» **Aim of the task**: Make an exact copy of the records, dropping all pictures.

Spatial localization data
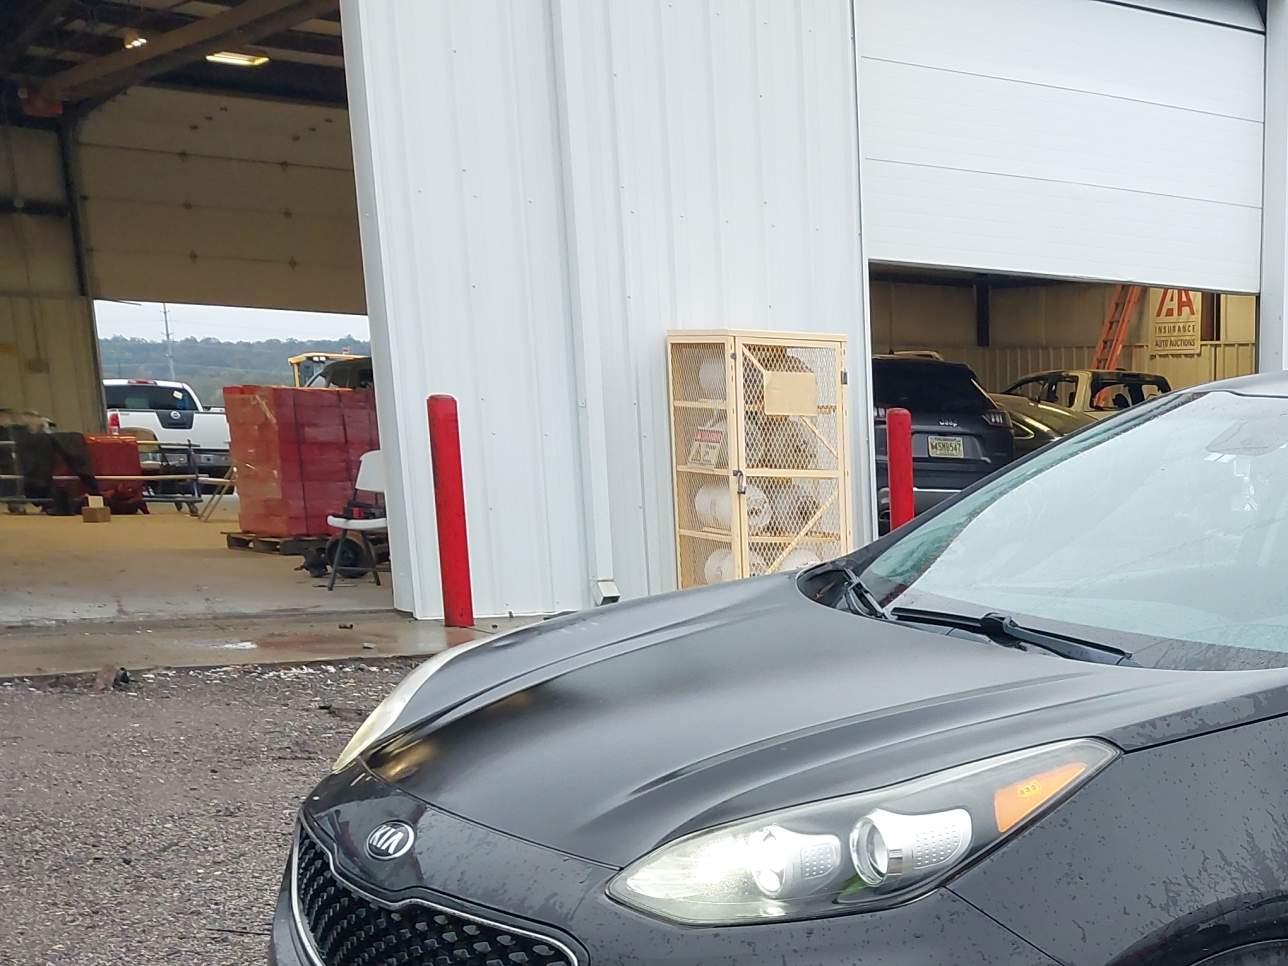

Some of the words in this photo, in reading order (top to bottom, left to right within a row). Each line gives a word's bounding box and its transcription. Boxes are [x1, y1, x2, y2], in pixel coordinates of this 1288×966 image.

[1154, 324, 1196, 334] INSURANCE
[1154, 339, 1169, 348] AUTO
[1169, 338, 1196, 348] AUCTIONS
[369, 824, 405, 855] KIA
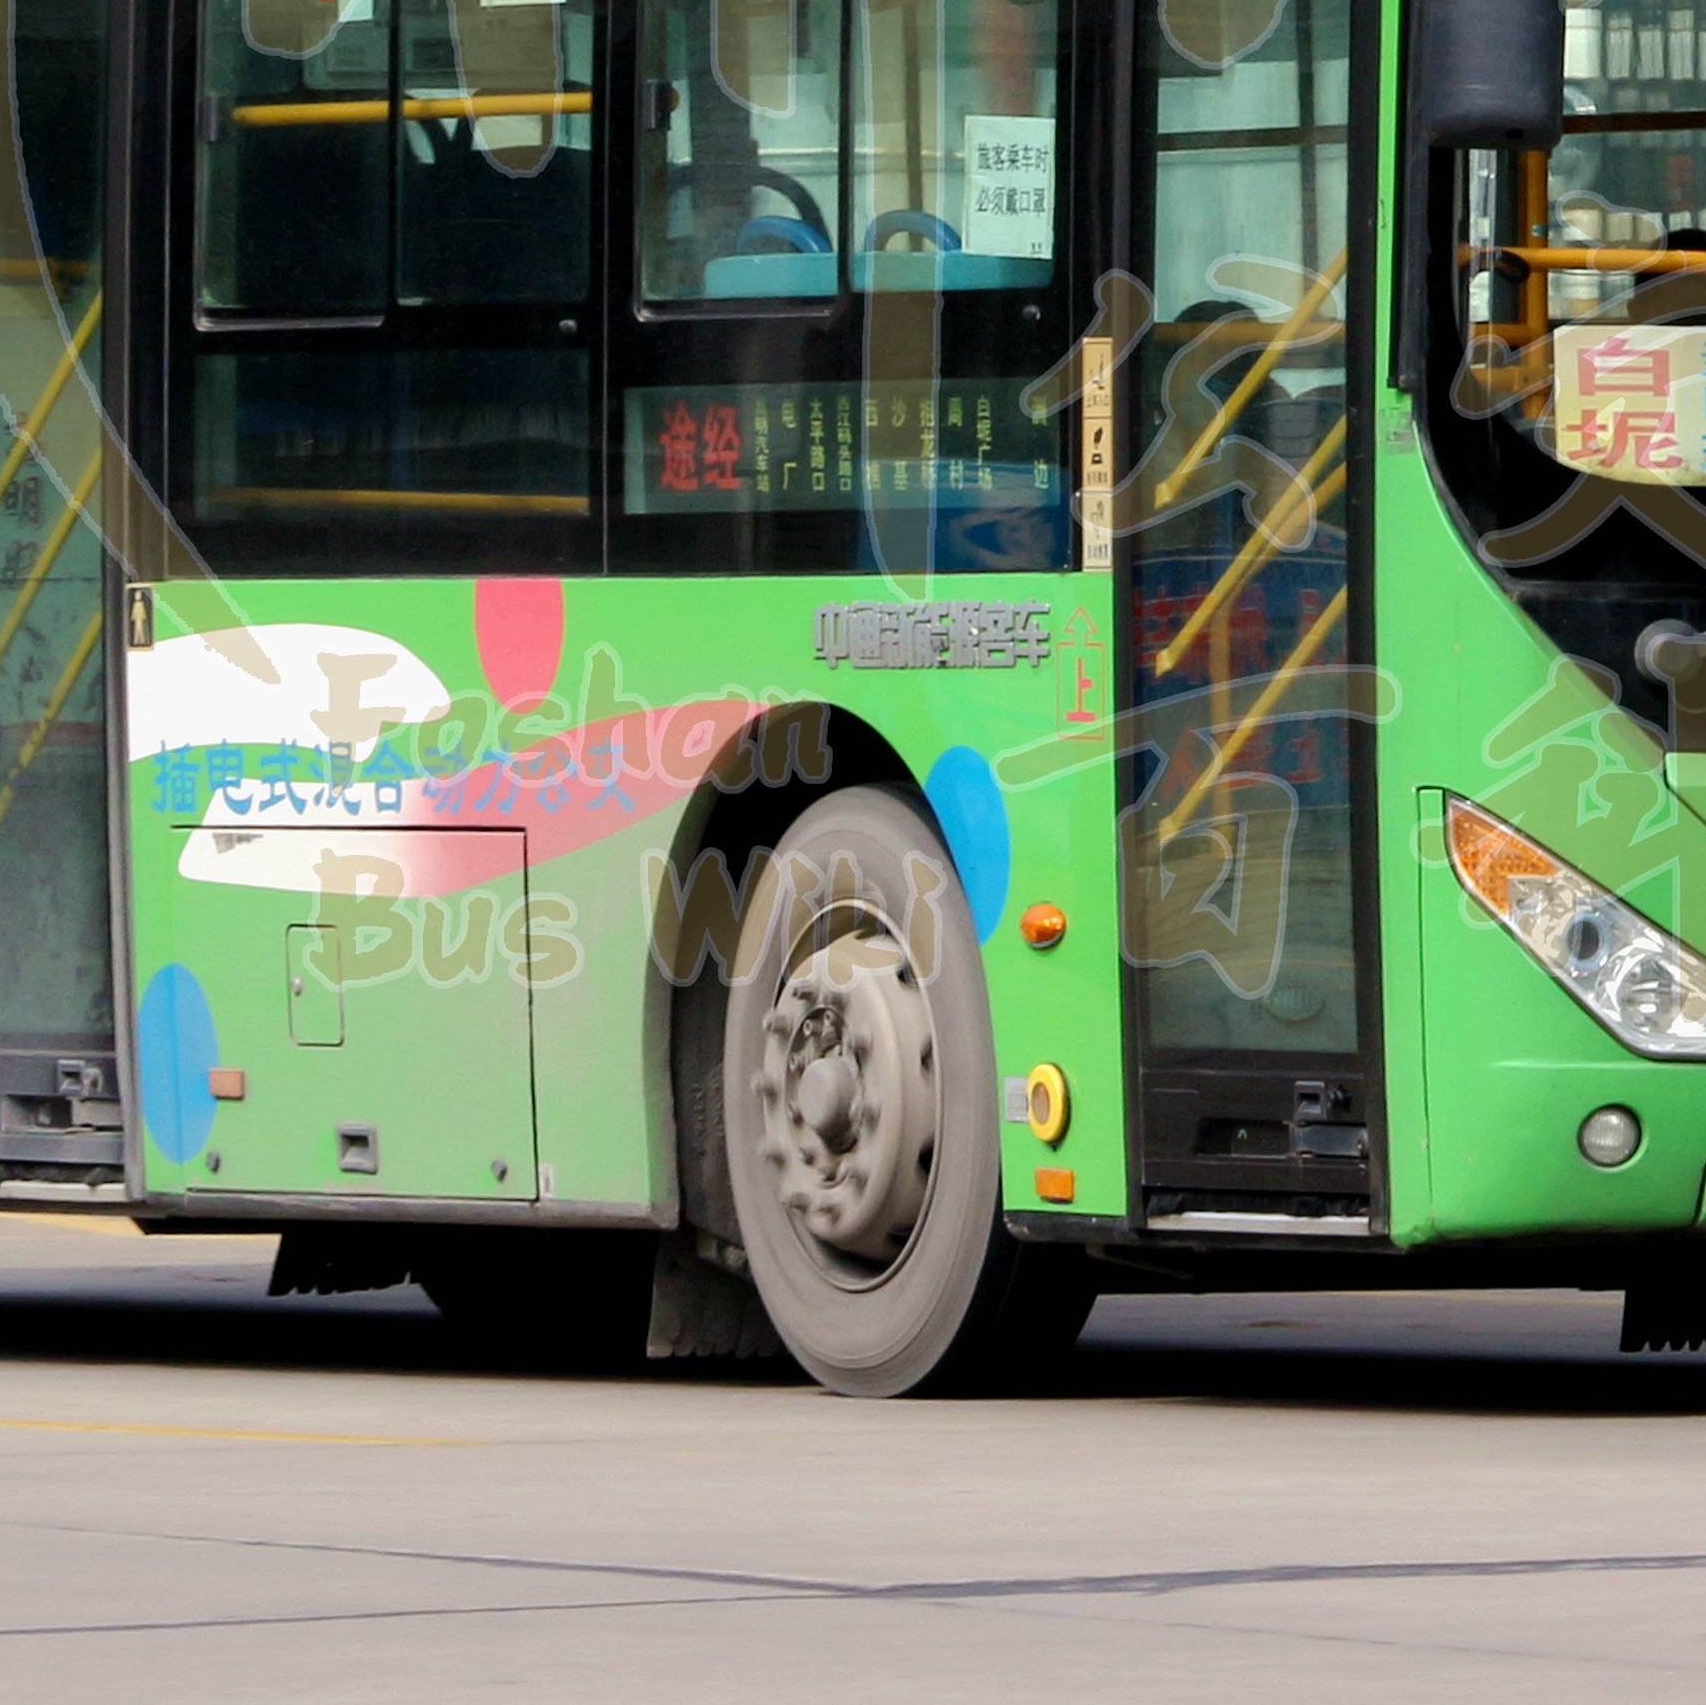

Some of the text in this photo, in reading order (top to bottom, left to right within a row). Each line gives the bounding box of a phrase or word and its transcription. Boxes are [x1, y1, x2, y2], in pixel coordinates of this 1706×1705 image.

[660, 398, 742, 491] 途经
[1561, 336, 1683, 470] 白坭
[1065, 657, 1096, 722] 上
[151, 738, 636, 817] 插电式混合动力公交
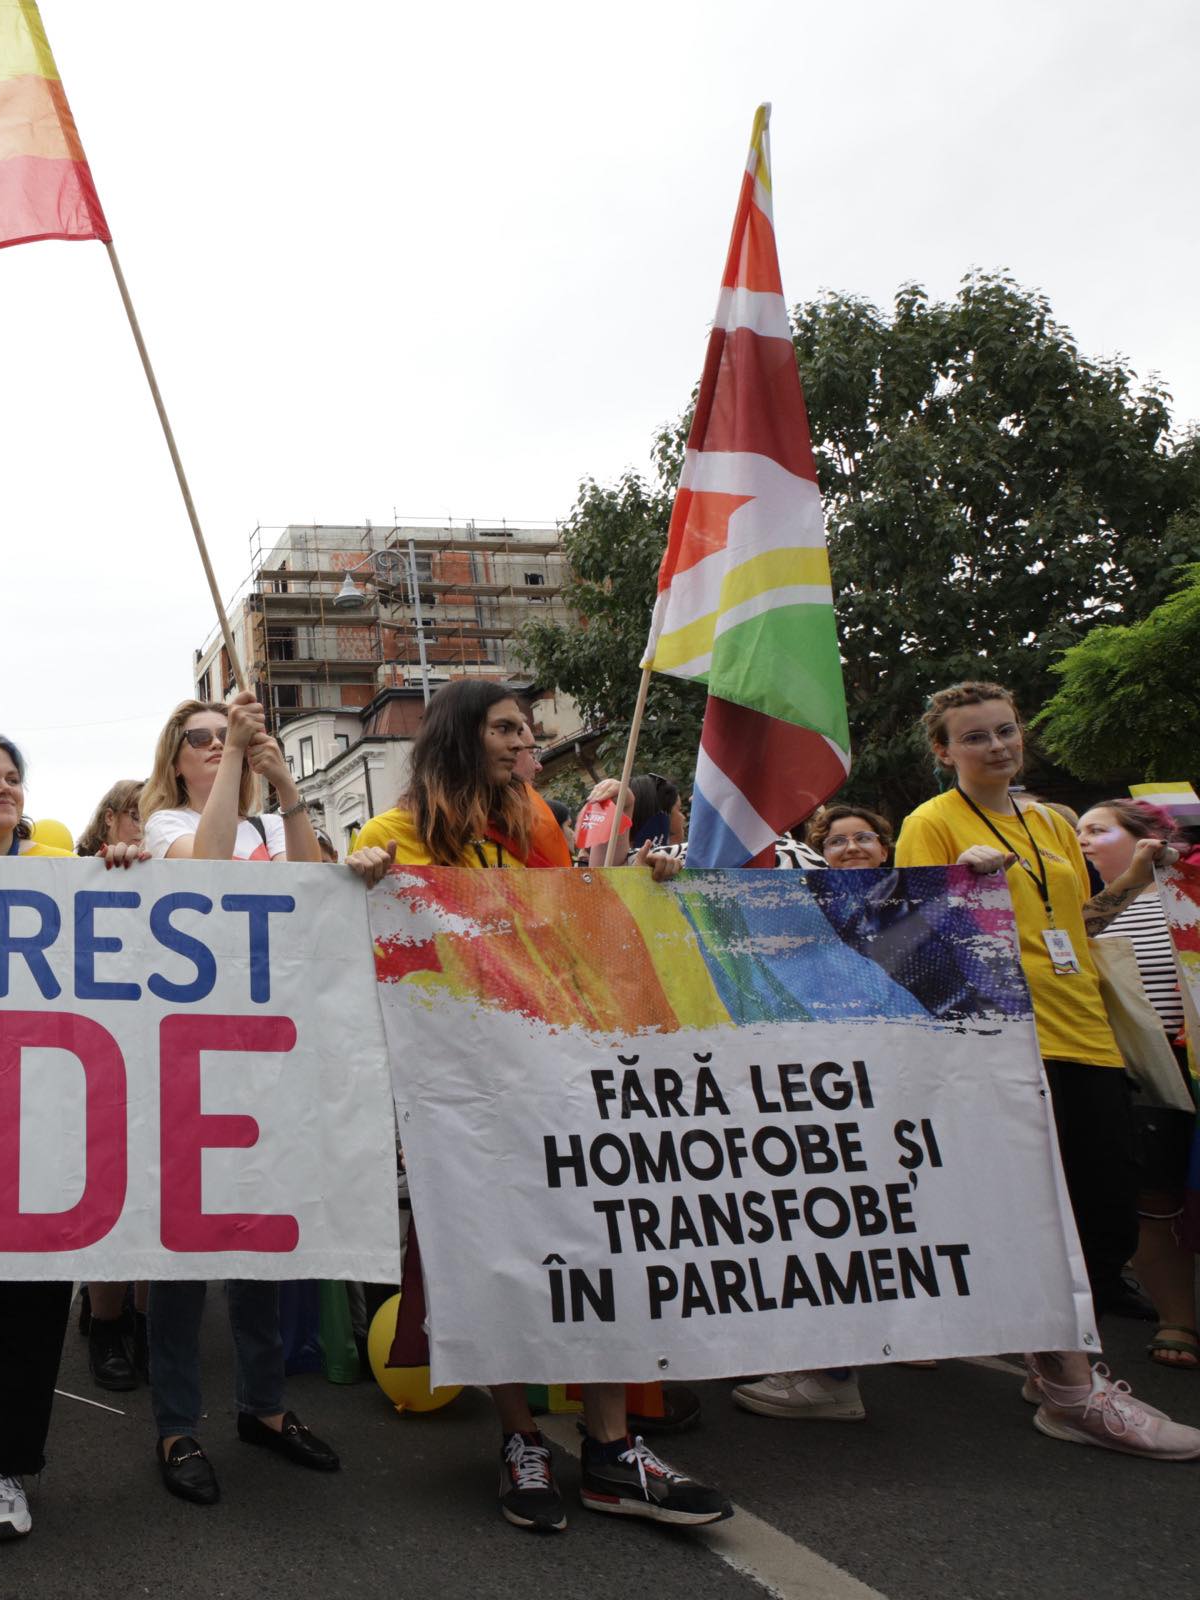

» **Expected answer**:
Some of the words in this photo, in reading order (top to bottom, left to right within a row). Each line gives a word's bounding box and its transcription. Boxes are [x1, y1, x2, y2], in pixel coordinates of this 1288×966 image.

[1154, 324, 1196, 334] INSURANCE
[1154, 339, 1169, 348] AUTO
[1169, 338, 1196, 348] AUCTIONS
[369, 824, 405, 855] KIA

Some of the text in this photo, in reading order (top to bottom, left to right within a row). Each line gives the bounding box of a phrase or word and its transcription. Boxes are [x1, y1, x2, y2], in pixel coordinates of this 1706×1705 image.

[660, 398, 742, 491] 途经
[1561, 336, 1683, 470] 白坭
[1065, 657, 1096, 722] 上
[151, 738, 636, 817] 插电式混合动力公交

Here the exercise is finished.